Dallas Trace showed no signs of financial anxiety. The man was taller and thinner than he looked on television—at least six three, Dar thought—with a chiseled and manly face, a Marlboro Man face. His smile was easy and emphasized the laugh lines around his eyes and the muscles around his thin-lipped mouth. Trace wore his long, gray hair tied back with a leather thong. His eyebrows were deep black, which emphasized his light gray eyes and made them all the more startling and photogenic in the tanned, lined face. Trace was wearing his trademark denim shirt and bolo tie—although Dar noticed that the shirt was blue silk rather than actual denim—and a leather western vest. This one looked as
if it had been tanned from the hide of a stegosaurus—an old stegosaurus—and probably cost several thousand dollars. The bolo was held in place by the de rigueur jade-and-silver piece of jewelry, and there was a small diamond in the cowboy attorney’s left ear. Dar always realized how old he was when he reacted negatively to jewelry on men: sometimes, alone on a summer night, he would yell at his TV when a ballplayer was thrown out at first—“You would’ve made it, you jerk, if you weren’t carrying ten pounds of gold chain!” Dar recognized it as age, intolerance, and possibly the onset of Alzheimer’s in him, but he did not change his opinion. Dallas Trace wore six rings. His suede Lucchese cowboy boots looked as if they were as soft as butter.

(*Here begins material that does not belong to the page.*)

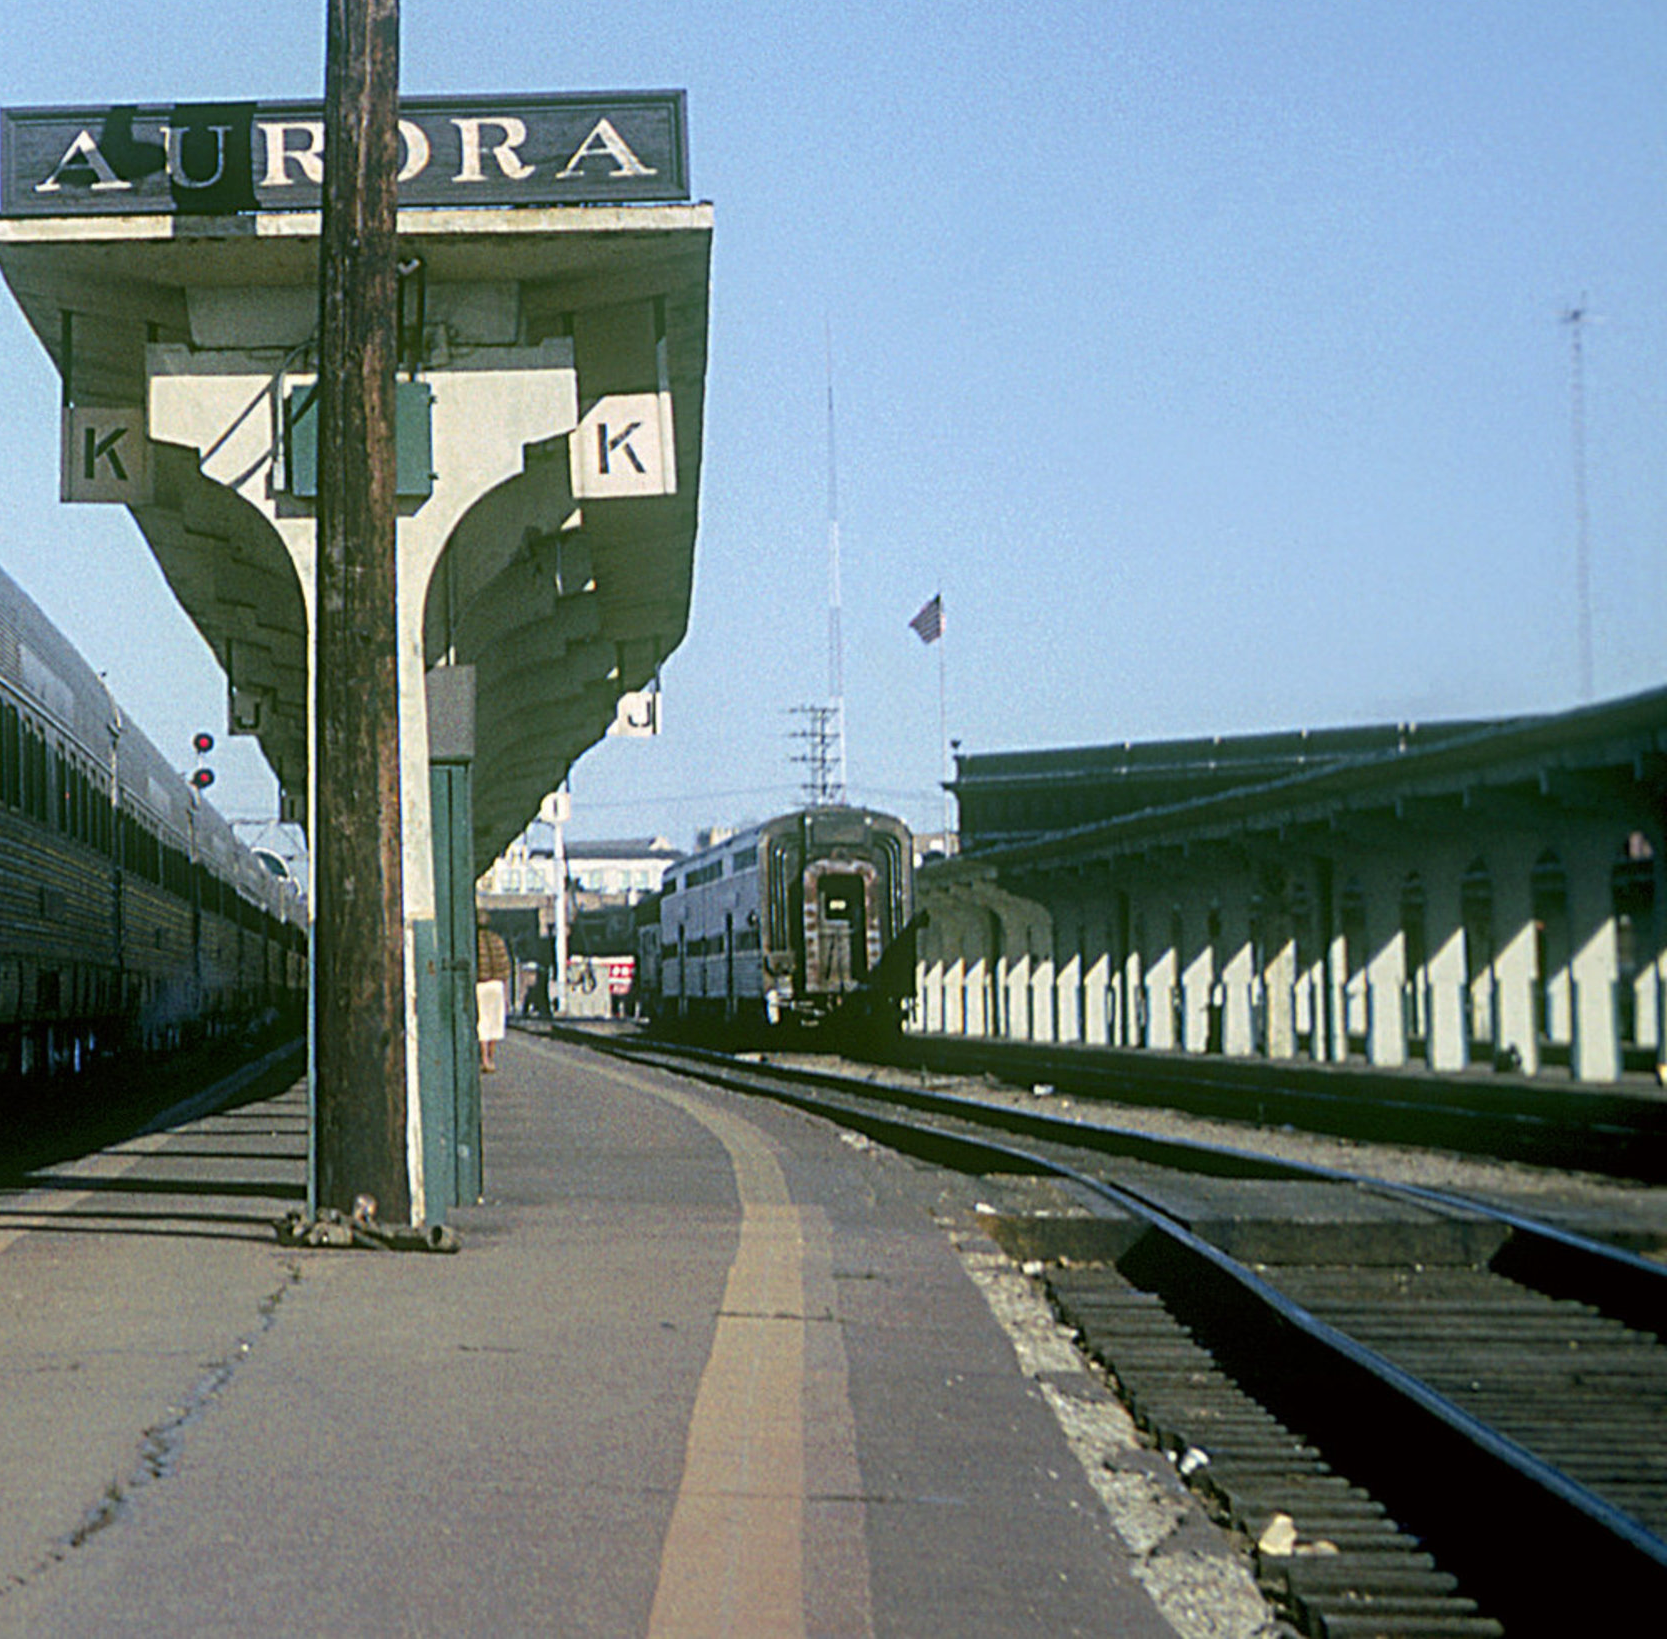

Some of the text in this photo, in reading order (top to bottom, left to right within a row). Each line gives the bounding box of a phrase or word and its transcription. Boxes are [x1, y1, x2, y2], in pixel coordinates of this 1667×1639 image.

[84, 426, 129, 482] K
[597, 421, 646, 475] K
[235, 701, 261, 730] J
[627, 700, 652, 728] J

Trace shook Sydney’s hand first and then Dar’s. As Dar had expected, the big attorney, although slim, was a bone-crusher.
“Investigator Olson, Dr. Minor, take a seat, take a seat.” Trace moved back around to his huge leather chair with real speed. Dar guessed that the man was in his early sixties, but he was buff as a twenty-five-year-old athlete. Dar had seen Dallas Trace’s twenty-five-year-old wife on TV, and guessed he had good reason to stay in shape.
Dar glanced around the office. Dallas Trace’s desk was at the nexus of the two window walls, the attorney’s back to the view as if he did not have time for such things. But other walls and shelves and bookcases were covered with photographs of Trace with celebrities and power brokers, including the last four U.S. presidents.
Trace lounged back in his luxurious chair, steepled his fingers, propped his butter-soft Luccheses on the edge of his desk, and asked in his familiar gravelly tenor, “To what do I owe the honor of this visit, Chief Investigator? Doctor?”
“You may have heard about the attempt on Dr. Minor’s life last week,” said Syd.
Trace smiled, picked up a pencil, and tapped at his perfectly white teeth. “Ah, yes, the famous Road Rage Killer. Are you seeking counsel, perhaps, Dr. Minor?”
“No,” said Dar.
“There have been no charges filed,” said Syd. “There probably won’t be. The two men who opened fire on Dr. Minor were Russian mafia hit men.”
Even though this had been reported on the television news ad nauseum, Dallas Trace managed to look surprised and raised one dark eyebrow. “So if you’re not here about representation…” He let the question hang.
“When I called for the appointment, counselor, you seemed to know who we each were,” said Syd.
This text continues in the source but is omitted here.